One of the most famous Gĩkũyũ folktales tells the story of the blacksmith, Mũturi who had left his pregnant wife and gone to work in the smithy a long way from home. Smiths among the Gĩkũyũ organized themselves and worked in a lodge at a secluded area called Kiganda. Extracting the ore from the earth, literally from the hands of the ancestors, Ngomi, and Mother earth and fashioning it into spears, knives, swords and farming tools was considered high magic and was held with the same awe and fear as Ũgo or discernment.

The cult of working iron, Ũturi, among the Gĩkũyũ was a cult because things were manufactured that were necessary to society and not because it was possible to make them or that it was profitable to do so. They made sure that innovation and the making of things was a tightly controlled affair. So much so that joining the cult of smiths, was a complicated and expensive affair and any new smith was sworn into a system that controlled and put a caveat on innovation. This ensured a stable society that was not likely to be taken over by a runaway technology based on consumption and greed. Many of the secrets and initiatory practices are unknown to this day except to a few surviving practitioners and elect Ago.

This is why there never was an industrial revolution in Gĩkũyũland and similarly advanced cultures that put a cap on what technologists could be capable of doing with their innovations. Such sufficiency cultures are based on the making of necessary goods that meet their needs as oppossed to consumer based cultures of ever increasing production centred on the creation of most often dreams and pathological desires.

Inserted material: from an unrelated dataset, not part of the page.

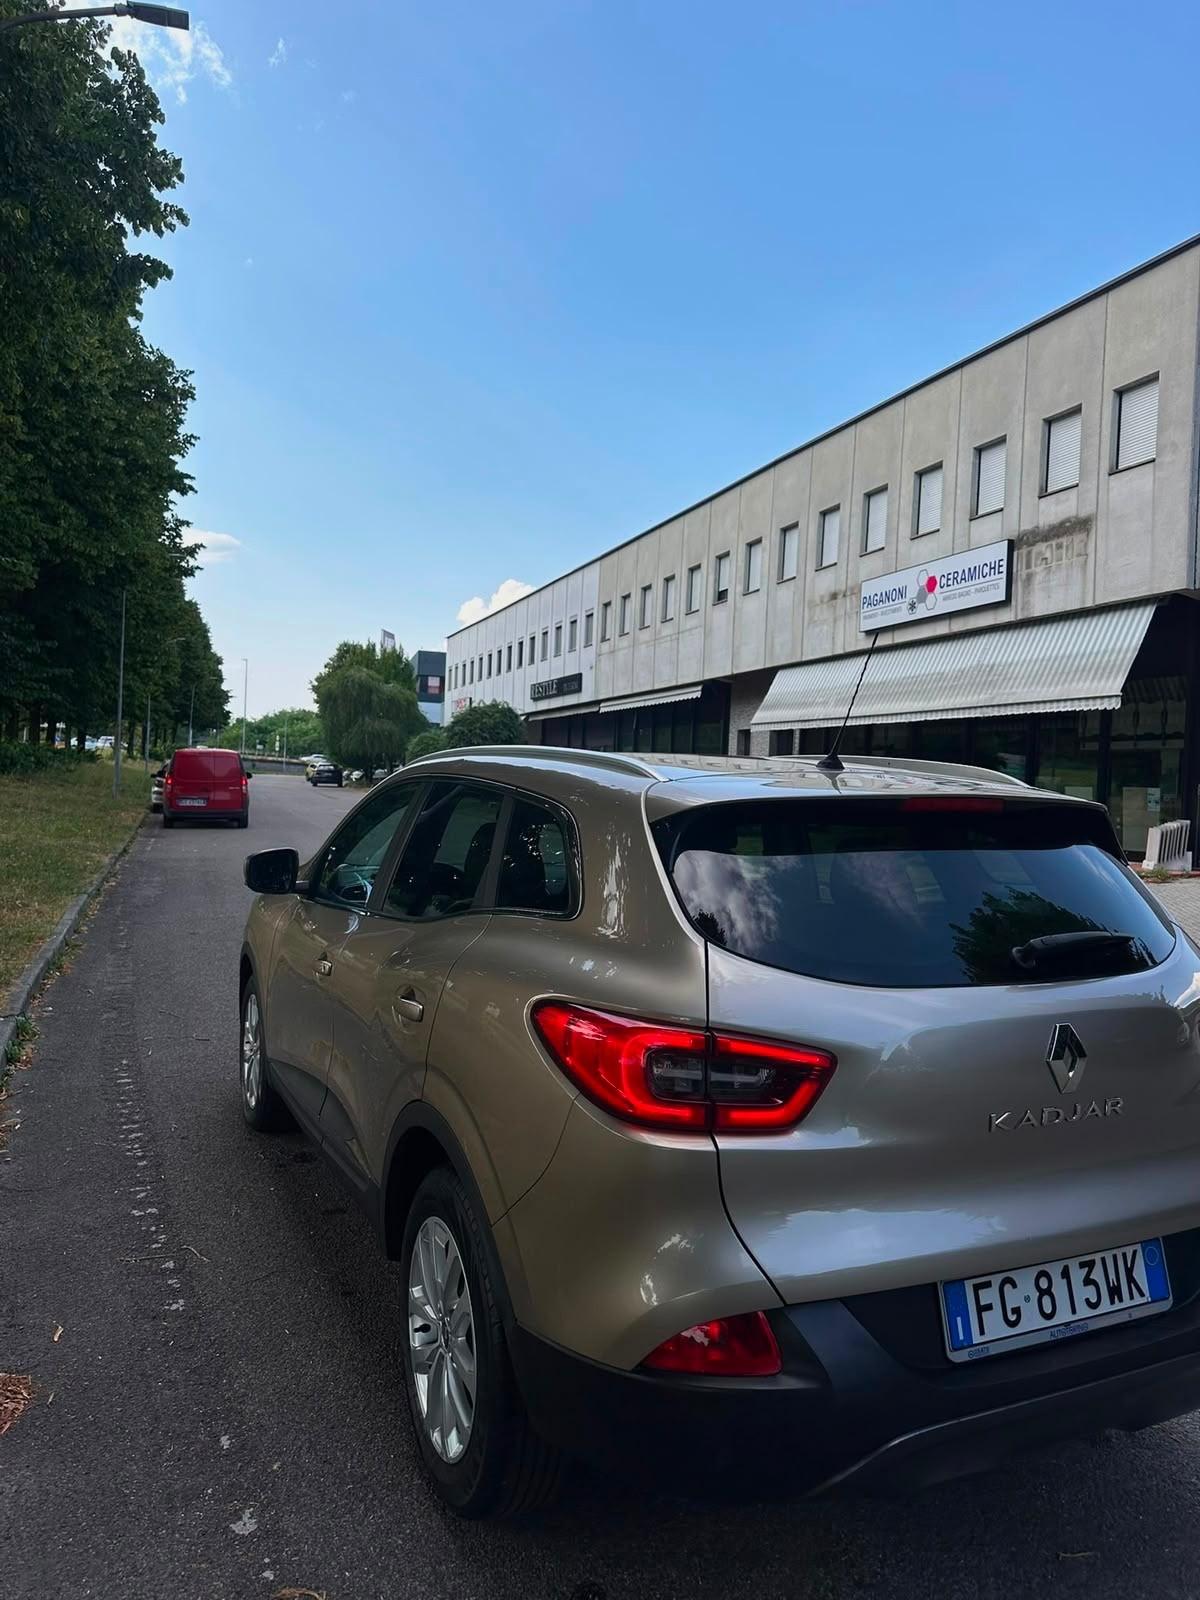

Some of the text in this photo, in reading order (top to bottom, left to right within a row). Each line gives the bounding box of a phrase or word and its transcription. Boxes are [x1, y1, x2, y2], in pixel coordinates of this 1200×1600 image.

[862, 559, 1004, 609] PAGANONI CERAMICHE
[988, 1097, 1124, 1133] KADJAR
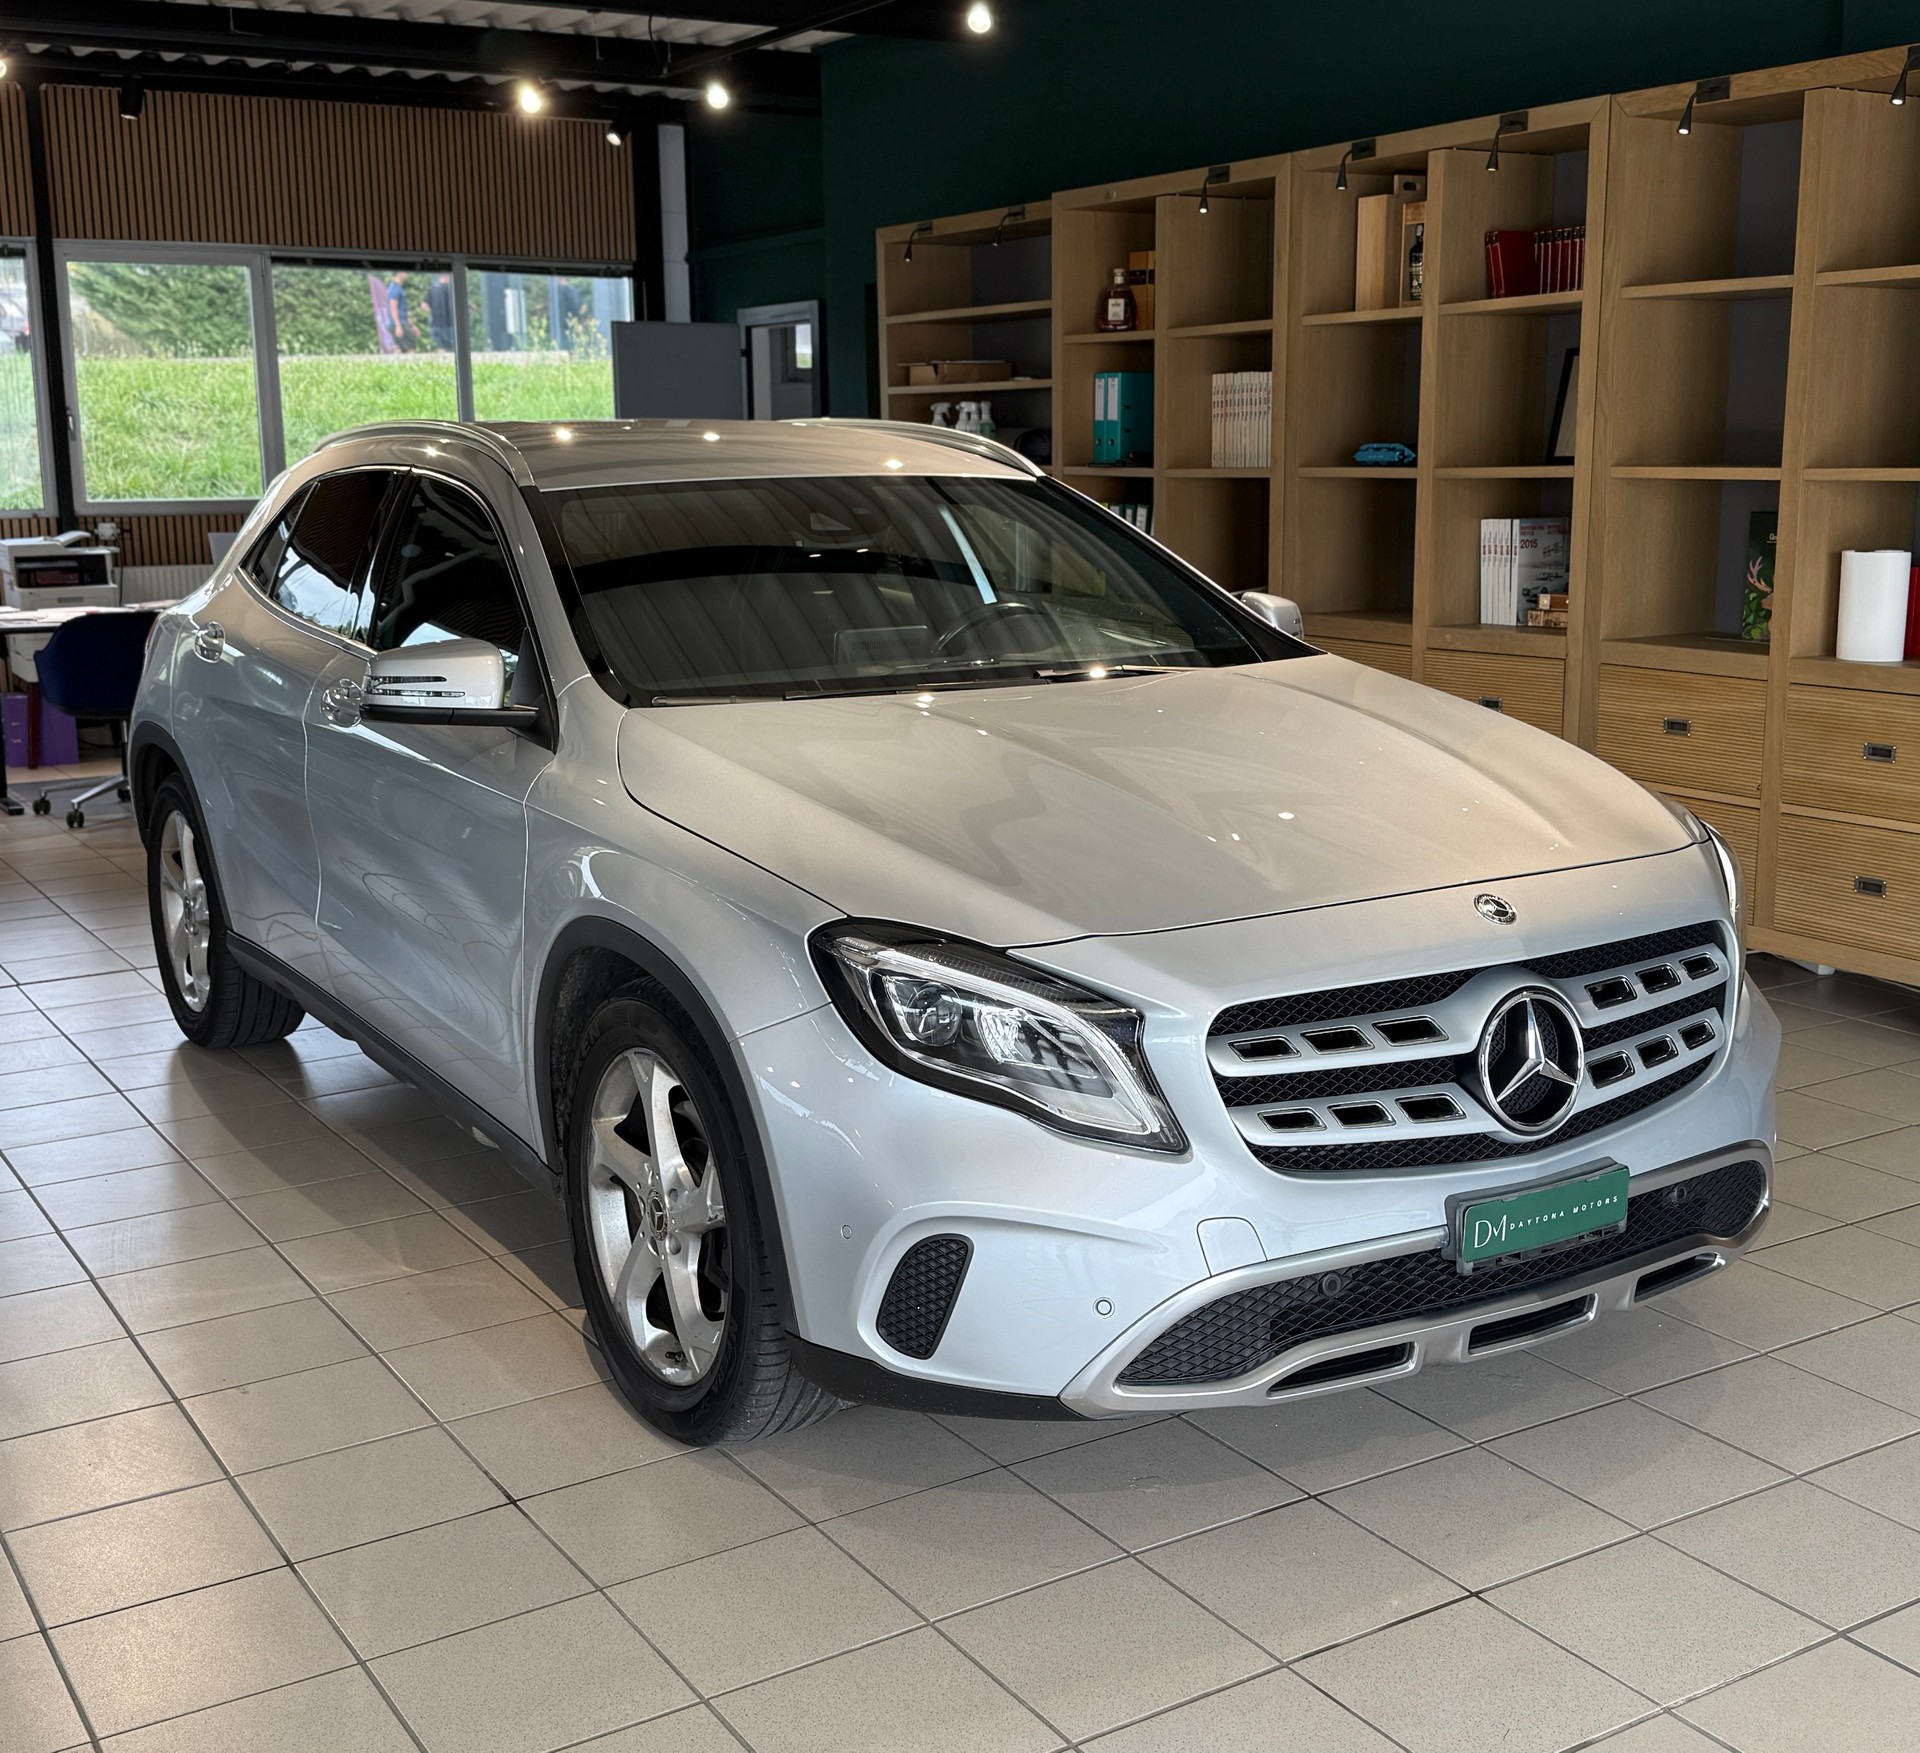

The creation of everything that the heart desires is an endless race in innovating and manufacturing novelty. This is the basis of the industrial revolution in the West and is what has swept throughout the world through the process of conquest and destruction of sufficiency cultures. As far back as 1968, world famous psychoanalyst, Erich Fromm wrote an insisive analysis of western technology in a little book, The Revolution of Hope: Toward a Humanized Technology. He stated that we still have time to make man the master of the machine rather than its servant. As we now enter the frightening tunnel of artificial intelligence and the likely cancellation of biological man through a fusion of the biological and technological, it is well to give pause and learn from the masters, the Gĩkũyũ Aturi. They did not do things merely because they could or to increase the GDP but to create a stable society. They answered with a loud YES! Fromm’s cry on page 137, “Is a stationary technological society possible?” An undersranding of this crucial aspect of technology is absolutely necessary for anyone calling for us to be the next Singapore or the next competitive industrial giant. We need to go back to where the river lost its course and I trace that point to where we were educated into the culture of the making of endless needs, (consumerism), and production based on the meeting of endless yearnings, dreams and desires.

Yes we can! not because we must, but merely because we think we can, is the cry of the devil tempting us into eventual self destruction.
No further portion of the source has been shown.